- **EXERCISE INSTRUCTIONS**
Reproduce the entries exactly as they appear below.

-------- DATASET EXTRACT --------

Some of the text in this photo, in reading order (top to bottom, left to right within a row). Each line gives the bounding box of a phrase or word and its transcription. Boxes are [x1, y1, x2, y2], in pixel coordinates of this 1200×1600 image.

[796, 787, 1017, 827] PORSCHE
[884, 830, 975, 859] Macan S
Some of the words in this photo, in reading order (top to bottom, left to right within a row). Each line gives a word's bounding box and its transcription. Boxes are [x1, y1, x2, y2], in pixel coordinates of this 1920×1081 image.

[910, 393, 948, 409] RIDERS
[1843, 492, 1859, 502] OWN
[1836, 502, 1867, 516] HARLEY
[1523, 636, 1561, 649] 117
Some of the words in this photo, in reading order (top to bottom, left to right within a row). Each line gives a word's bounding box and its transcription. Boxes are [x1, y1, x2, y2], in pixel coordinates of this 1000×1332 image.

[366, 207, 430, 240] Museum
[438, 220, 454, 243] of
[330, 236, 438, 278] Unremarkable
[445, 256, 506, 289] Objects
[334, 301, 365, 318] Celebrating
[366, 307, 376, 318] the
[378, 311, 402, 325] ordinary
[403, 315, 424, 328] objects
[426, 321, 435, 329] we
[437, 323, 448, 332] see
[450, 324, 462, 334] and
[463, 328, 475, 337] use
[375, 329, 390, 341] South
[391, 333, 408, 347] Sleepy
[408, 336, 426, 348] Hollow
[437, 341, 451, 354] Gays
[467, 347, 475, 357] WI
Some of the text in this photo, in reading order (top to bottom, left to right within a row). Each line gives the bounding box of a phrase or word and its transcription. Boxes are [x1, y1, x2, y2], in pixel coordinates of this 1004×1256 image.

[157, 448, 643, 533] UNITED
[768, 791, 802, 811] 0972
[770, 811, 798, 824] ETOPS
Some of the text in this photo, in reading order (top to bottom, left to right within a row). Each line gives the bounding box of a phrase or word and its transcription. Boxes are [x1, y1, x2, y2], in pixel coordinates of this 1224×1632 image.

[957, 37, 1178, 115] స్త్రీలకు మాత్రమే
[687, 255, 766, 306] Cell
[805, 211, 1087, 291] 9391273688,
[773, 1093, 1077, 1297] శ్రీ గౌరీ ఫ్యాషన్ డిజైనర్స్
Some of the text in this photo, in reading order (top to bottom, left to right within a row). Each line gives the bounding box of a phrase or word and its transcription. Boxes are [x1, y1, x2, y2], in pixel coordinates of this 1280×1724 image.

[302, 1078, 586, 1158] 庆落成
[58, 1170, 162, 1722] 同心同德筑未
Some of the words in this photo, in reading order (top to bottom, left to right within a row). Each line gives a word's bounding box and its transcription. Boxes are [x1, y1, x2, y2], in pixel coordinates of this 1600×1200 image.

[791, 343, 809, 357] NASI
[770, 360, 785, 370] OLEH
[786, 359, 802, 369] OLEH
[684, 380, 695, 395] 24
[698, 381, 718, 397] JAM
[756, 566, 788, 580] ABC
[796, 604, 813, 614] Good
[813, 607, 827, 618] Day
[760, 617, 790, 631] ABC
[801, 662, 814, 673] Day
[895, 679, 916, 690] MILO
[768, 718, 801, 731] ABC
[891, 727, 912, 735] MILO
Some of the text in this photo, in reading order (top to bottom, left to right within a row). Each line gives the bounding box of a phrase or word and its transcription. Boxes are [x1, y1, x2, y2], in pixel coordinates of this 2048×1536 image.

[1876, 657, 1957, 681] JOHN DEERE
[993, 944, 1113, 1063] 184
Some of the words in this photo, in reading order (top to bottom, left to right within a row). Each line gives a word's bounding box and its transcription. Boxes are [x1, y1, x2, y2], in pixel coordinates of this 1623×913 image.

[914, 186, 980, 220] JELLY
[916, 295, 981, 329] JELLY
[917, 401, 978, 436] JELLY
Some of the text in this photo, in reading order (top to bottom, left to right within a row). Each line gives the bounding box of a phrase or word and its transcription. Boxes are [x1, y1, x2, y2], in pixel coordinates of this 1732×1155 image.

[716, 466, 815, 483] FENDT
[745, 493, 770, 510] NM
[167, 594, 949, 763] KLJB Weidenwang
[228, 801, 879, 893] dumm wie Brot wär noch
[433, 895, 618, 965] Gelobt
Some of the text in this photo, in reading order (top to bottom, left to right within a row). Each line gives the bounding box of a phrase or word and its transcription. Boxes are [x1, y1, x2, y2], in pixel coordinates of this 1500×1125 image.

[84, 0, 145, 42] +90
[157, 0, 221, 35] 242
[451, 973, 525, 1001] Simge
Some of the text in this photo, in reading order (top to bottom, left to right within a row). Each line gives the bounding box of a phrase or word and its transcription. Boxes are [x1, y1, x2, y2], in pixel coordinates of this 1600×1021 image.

--------

- **REPLY**
Some of the text in this photo, in reading order (top to bottom, left to right within a row). Each line gives the bounding box of a phrase or word and its transcription. Boxes are [x1, y1, x2, y2], in pixel coordinates of this 1200×1600 image.

[796, 787, 1017, 827] PORSCHE
[884, 830, 975, 859] Macan S
Some of the words in this photo, in reading order (top to bottom, left to right within a row). Each line gives a word's bounding box and its transcription. Boxes are [x1, y1, x2, y2], in pixel coordinates of this 1920×1081 image.

[910, 393, 948, 409] RIDERS
[1843, 492, 1859, 502] OWN
[1836, 502, 1867, 516] HARLEY
[1523, 636, 1561, 649] 117
Some of the words in this photo, in reading order (top to bottom, left to right within a row). Each line gives a word's bounding box and its transcription. Boxes are [x1, y1, x2, y2], in pixel coordinates of this 1000×1332 image.

[366, 207, 430, 240] Museum
[438, 220, 454, 243] of
[330, 236, 438, 278] Unremarkable
[445, 256, 506, 289] Objects
[334, 301, 365, 318] Celebrating
[366, 307, 376, 318] the
[378, 311, 402, 325] ordinary
[403, 315, 424, 328] objects
[426, 321, 435, 329] we
[437, 323, 448, 332] see
[450, 324, 462, 334] and
[463, 328, 475, 337] use
[375, 329, 390, 341] South
[391, 333, 408, 347] Sleepy
[408, 336, 426, 348] Hollow
[437, 341, 451, 354] Gays
[467, 347, 475, 357] WI
Some of the text in this photo, in reading order (top to bottom, left to right within a row). Each line gives the bounding box of a phrase or word and its transcription. Boxes are [x1, y1, x2, y2], in pixel coordinates of this 1004×1256 image.

[157, 448, 643, 533] UNITED
[768, 791, 802, 811] 0972
[770, 811, 798, 824] ETOPS
Some of the text in this photo, in reading order (top to bottom, left to right within a row). Each line gives the bounding box of a phrase or word and its transcription. Boxes are [x1, y1, x2, y2], in pixel coordinates of this 1224×1632 image.

[957, 37, 1178, 115] స్త్రీలకు మాత్రమే
[687, 255, 766, 306] Cell
[805, 211, 1087, 291] 9391273688,
[773, 1093, 1077, 1297] శ్రీ గౌరీ ఫ్యాషన్ డిజైనర్స్
Some of the text in this photo, in reading order (top to bottom, left to right within a row). Each line gives the bounding box of a phrase or word and its transcription. Boxes are [x1, y1, x2, y2], in pixel coordinates of this 1280×1724 image.

[302, 1078, 586, 1158] 庆落成
[58, 1170, 162, 1722] 同心同德筑未
Some of the words in this photo, in reading order (top to bottom, left to right within a row). Each line gives a word's bounding box and its transcription. Boxes are [x1, y1, x2, y2], in pixel coordinates of this 1600×1200 image.

[791, 343, 809, 357] NASI
[770, 360, 785, 370] OLEH
[786, 359, 802, 369] OLEH
[684, 380, 695, 395] 24
[698, 381, 718, 397] JAM
[756, 566, 788, 580] ABC
[796, 604, 813, 614] Good
[813, 607, 827, 618] Day
[760, 617, 790, 631] ABC
[801, 662, 814, 673] Day
[895, 679, 916, 690] MILO
[768, 718, 801, 731] ABC
[891, 727, 912, 735] MILO
Some of the text in this photo, in reading order (top to bottom, left to right within a row). Each line gives the bounding box of a phrase or word and its transcription. Boxes are [x1, y1, x2, y2], in pixel coordinates of this 2048×1536 image.

[1876, 657, 1957, 681] JOHN DEERE
[993, 944, 1113, 1063] 184
Some of the words in this photo, in reading order (top to bottom, left to right within a row). Each line gives a word's bounding box and its transcription. Boxes are [x1, y1, x2, y2], in pixel coordinates of this 1623×913 image.

[914, 186, 980, 220] JELLY
[916, 295, 981, 329] JELLY
[917, 401, 978, 436] JELLY
Some of the text in this photo, in reading order (top to bottom, left to right within a row). Each line gives the bounding box of a phrase or word and its transcription. Boxes are [x1, y1, x2, y2], in pixel coordinates of this 1732×1155 image.

[716, 466, 815, 483] FENDT
[745, 493, 770, 510] NM
[167, 594, 949, 763] KLJB Weidenwang
[228, 801, 879, 893] dumm wie Brot wär noch
[433, 895, 618, 965] Gelobt
Some of the text in this photo, in reading order (top to bottom, left to right within a row). Each line gives the bounding box of a phrase or word and its transcription. Boxes are [x1, y1, x2, y2], in pixel coordinates of this 1500×1125 image.

[84, 0, 145, 42] +90
[157, 0, 221, 35] 242
[451, 973, 525, 1001] Simge
Some of the text in this photo, in reading order (top to bottom, left to right within a row). Each line gives the bounding box of a phrase or word and its transcription. Boxes are [x1, y1, x2, y2], in pixel coordinates of this 1600×1021 image.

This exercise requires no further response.